Standard adjuvant therapy: Chemotherapy/Targeted Therapy/Immunotherapy
For control arm, postoperative adjuvant therapy begins 4-6 weeks post-surgery and consists of 4 cycles. The regimen generally mirrors the neoadjuvant therapy received. Dosages and administration follow standard pharmaceutical labeling and institutional protocols. Patients deemed unsuitable for adjuvant therapy by experienced clinicians will undergo observation.
ctDNA-MRD-guided adjuvant therapy
Participants in the Experimental Arm will initially receive 4 cycles of neoadjuvant therapy followed by D2 radical gastrectomy.
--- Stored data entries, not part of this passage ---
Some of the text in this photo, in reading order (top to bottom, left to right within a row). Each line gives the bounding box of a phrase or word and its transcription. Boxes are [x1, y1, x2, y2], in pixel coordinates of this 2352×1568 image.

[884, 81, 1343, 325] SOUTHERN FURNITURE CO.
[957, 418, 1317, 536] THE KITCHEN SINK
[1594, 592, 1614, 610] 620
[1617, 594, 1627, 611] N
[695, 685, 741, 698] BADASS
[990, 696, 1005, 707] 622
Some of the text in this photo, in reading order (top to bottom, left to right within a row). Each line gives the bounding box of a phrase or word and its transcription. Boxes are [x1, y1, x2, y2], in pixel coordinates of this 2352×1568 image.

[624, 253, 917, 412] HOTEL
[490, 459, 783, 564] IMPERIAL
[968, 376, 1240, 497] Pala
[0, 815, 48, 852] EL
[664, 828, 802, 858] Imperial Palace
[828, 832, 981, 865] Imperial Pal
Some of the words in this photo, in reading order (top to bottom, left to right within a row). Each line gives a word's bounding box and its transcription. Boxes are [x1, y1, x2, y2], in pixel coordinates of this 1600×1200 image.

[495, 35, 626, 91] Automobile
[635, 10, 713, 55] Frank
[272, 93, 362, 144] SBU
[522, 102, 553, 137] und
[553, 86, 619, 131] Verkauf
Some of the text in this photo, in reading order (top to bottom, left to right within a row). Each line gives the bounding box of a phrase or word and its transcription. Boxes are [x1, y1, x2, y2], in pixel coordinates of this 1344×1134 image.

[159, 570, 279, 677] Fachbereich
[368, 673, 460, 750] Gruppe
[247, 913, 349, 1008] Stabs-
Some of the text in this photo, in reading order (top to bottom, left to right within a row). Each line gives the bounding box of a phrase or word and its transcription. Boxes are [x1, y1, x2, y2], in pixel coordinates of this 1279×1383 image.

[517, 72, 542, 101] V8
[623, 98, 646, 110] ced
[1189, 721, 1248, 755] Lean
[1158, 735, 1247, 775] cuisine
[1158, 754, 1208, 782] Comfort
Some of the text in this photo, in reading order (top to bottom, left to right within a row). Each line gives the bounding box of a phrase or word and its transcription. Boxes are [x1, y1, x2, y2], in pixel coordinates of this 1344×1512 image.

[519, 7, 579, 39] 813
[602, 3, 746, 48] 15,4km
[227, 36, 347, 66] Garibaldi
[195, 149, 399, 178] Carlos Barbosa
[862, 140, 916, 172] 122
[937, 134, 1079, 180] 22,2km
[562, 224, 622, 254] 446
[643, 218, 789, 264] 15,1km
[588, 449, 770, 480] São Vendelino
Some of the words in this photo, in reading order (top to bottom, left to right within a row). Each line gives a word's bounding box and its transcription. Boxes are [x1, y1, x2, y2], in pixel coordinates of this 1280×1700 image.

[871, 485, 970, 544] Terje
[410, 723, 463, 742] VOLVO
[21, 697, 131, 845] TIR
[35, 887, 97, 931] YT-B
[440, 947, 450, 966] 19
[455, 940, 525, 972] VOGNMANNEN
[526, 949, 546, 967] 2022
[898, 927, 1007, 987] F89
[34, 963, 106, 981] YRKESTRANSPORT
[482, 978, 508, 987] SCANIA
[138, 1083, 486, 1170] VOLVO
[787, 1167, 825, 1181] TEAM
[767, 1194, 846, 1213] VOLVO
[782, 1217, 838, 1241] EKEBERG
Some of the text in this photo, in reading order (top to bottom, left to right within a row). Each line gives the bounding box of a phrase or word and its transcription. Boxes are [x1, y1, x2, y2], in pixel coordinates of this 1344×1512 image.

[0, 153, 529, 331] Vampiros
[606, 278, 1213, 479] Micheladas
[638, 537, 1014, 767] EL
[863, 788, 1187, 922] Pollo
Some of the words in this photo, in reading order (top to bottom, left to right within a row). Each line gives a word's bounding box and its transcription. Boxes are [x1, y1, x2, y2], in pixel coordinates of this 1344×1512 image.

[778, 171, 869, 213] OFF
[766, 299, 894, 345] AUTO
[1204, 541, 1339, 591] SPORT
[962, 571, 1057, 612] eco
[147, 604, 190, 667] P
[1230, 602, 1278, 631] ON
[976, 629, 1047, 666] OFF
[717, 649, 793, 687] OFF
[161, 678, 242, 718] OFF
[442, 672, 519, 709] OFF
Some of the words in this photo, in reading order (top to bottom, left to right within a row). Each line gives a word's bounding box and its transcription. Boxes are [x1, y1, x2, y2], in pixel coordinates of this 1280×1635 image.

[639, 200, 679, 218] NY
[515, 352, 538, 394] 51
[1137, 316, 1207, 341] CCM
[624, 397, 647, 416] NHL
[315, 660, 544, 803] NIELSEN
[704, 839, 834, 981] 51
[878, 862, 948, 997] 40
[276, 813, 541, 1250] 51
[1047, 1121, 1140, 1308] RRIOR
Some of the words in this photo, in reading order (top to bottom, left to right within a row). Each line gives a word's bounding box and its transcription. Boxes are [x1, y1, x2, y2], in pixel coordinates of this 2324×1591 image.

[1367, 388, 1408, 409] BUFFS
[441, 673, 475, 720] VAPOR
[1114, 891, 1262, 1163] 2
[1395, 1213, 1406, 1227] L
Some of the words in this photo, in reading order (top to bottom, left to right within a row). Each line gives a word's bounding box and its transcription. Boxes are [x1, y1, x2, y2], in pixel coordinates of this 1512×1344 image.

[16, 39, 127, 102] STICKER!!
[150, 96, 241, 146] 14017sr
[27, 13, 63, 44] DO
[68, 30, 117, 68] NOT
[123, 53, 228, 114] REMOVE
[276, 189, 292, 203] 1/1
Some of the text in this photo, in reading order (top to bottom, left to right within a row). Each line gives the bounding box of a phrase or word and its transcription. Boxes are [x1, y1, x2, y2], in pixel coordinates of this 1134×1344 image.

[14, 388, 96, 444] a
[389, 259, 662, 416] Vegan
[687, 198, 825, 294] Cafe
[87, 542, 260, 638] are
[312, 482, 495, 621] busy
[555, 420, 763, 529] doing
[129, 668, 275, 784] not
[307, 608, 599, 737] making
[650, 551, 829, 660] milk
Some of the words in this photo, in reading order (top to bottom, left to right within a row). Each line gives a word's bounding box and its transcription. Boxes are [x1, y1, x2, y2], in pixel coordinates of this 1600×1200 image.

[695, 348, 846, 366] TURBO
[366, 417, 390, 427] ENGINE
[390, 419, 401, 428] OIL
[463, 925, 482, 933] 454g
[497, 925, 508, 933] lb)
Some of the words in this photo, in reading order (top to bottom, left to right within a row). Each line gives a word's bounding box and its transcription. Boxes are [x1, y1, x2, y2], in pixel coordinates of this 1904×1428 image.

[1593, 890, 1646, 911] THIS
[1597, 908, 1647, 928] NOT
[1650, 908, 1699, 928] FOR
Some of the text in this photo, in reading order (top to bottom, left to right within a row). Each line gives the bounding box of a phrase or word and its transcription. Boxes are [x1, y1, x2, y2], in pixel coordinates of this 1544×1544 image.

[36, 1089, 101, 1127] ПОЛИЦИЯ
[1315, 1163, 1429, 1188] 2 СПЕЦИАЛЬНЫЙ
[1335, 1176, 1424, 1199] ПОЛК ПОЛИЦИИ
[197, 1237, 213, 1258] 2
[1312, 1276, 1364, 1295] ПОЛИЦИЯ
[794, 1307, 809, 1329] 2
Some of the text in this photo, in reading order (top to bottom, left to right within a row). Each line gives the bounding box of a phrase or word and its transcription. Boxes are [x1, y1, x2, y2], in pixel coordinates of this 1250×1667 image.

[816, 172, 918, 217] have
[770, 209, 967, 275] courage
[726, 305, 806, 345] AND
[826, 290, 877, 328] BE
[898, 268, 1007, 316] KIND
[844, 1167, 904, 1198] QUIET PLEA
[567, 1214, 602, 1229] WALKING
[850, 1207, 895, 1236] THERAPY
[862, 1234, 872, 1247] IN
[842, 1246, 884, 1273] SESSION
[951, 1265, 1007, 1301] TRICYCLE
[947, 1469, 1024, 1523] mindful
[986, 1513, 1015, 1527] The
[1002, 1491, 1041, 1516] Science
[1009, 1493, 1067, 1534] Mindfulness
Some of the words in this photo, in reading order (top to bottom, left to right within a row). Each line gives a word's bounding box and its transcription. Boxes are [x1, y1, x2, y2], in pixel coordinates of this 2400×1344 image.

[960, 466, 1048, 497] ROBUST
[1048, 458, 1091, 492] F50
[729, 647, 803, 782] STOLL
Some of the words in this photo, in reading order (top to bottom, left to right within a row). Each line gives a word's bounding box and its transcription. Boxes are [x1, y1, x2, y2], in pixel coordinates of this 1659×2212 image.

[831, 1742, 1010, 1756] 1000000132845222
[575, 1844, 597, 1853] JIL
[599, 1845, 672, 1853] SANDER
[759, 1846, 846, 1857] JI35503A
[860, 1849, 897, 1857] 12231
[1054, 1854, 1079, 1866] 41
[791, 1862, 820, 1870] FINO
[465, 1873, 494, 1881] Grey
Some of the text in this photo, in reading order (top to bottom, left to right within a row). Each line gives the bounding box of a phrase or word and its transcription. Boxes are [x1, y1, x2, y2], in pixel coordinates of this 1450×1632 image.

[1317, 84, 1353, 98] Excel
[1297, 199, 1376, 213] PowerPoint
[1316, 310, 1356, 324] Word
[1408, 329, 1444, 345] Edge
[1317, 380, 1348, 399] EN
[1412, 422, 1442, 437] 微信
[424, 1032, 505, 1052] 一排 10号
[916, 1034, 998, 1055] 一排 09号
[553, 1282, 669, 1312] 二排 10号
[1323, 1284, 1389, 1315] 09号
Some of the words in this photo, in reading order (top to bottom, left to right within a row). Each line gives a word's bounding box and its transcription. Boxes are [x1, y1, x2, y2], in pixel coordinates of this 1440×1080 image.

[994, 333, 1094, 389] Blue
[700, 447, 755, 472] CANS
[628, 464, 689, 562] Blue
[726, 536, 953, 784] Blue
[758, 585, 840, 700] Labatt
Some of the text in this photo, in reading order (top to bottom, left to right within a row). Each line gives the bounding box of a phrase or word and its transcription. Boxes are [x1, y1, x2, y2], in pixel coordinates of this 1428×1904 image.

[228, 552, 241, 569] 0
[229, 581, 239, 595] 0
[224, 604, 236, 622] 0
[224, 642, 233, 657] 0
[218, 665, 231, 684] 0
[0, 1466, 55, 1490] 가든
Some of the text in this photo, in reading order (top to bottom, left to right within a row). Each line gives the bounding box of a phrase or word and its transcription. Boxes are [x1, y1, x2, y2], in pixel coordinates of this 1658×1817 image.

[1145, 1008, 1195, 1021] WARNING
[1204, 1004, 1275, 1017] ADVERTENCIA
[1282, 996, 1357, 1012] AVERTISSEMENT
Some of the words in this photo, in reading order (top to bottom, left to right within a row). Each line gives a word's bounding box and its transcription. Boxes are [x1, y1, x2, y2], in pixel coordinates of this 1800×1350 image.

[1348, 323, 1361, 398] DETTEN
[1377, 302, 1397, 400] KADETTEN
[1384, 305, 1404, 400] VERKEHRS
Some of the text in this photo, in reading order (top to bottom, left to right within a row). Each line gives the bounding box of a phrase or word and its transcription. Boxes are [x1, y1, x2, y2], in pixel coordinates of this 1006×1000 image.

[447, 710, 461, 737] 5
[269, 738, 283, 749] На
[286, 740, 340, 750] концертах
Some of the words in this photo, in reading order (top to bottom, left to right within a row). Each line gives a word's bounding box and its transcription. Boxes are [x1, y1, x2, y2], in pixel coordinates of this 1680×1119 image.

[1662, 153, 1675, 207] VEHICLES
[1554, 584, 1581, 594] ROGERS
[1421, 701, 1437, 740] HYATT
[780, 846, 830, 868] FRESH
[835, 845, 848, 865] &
Postoperative management is strictly guided by ctDNA MRD status assessed at 4 weeks post-surgery: 1. ctDNA MRD-Negative Subgroup: Participants will not receive adjuvant therapy and will undergo active surveillance (observation). 2. ctDNA MRD-Positive Subgroup: Participants will receive 4 cycles of adjuvant therapy, initiating 4-6 weeks after surgery. The regimen generally mirrors the neoadjuvant therapy.